### TRY IT
The answer should consist of the records below, repeated exactly, and no pictures.

::::::::::

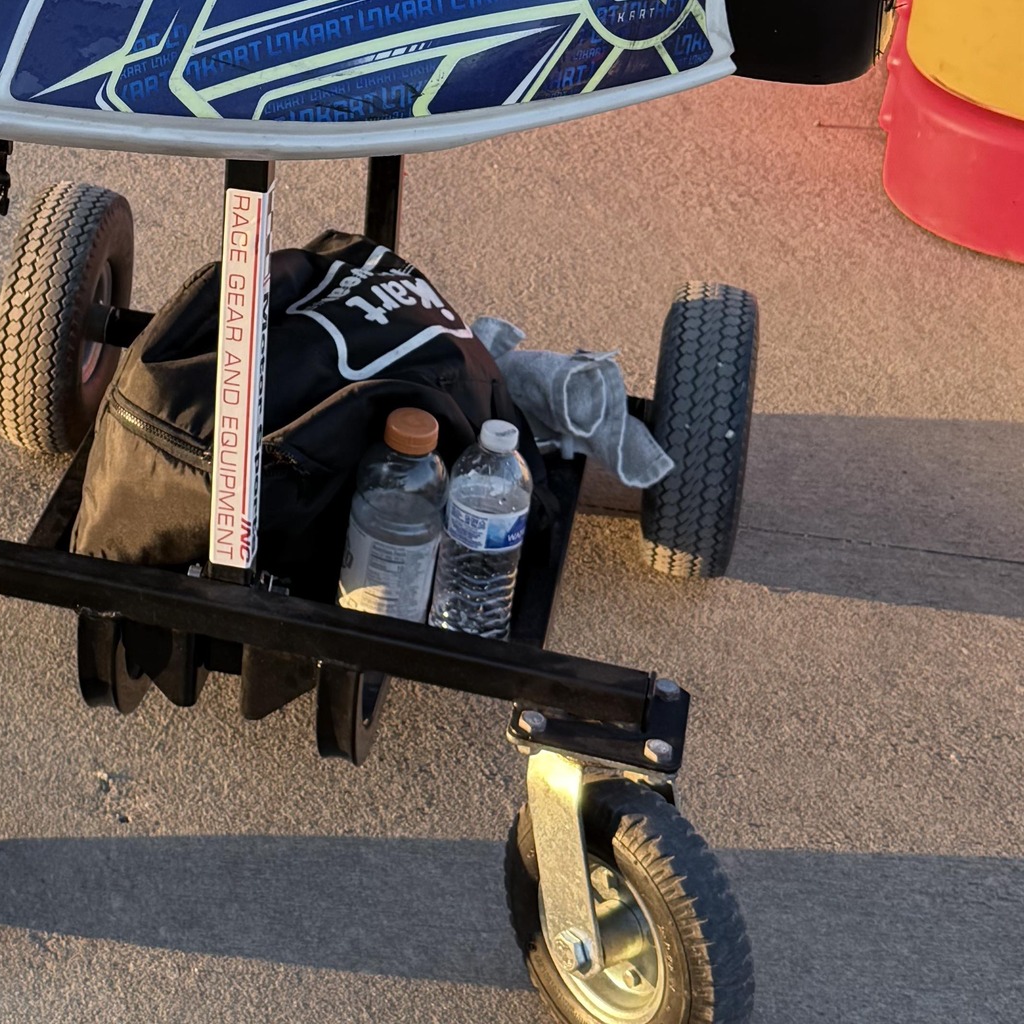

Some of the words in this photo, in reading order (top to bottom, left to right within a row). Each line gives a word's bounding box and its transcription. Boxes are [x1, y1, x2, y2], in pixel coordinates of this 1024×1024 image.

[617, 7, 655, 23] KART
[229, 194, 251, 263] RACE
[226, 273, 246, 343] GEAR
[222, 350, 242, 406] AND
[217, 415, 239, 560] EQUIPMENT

::::::::::

### ANSWER AREA
Some of the words in this photo, in reading order (top to bottom, left to right within a row). Each line gives a word's bounding box and its transcription. Boxes are [x1, y1, x2, y2], in pixel coordinates of this 1024×1024 image.

[617, 7, 655, 23] KART
[229, 194, 251, 263] RACE
[226, 273, 246, 343] GEAR
[222, 350, 242, 406] AND
[217, 415, 239, 560] EQUIPMENT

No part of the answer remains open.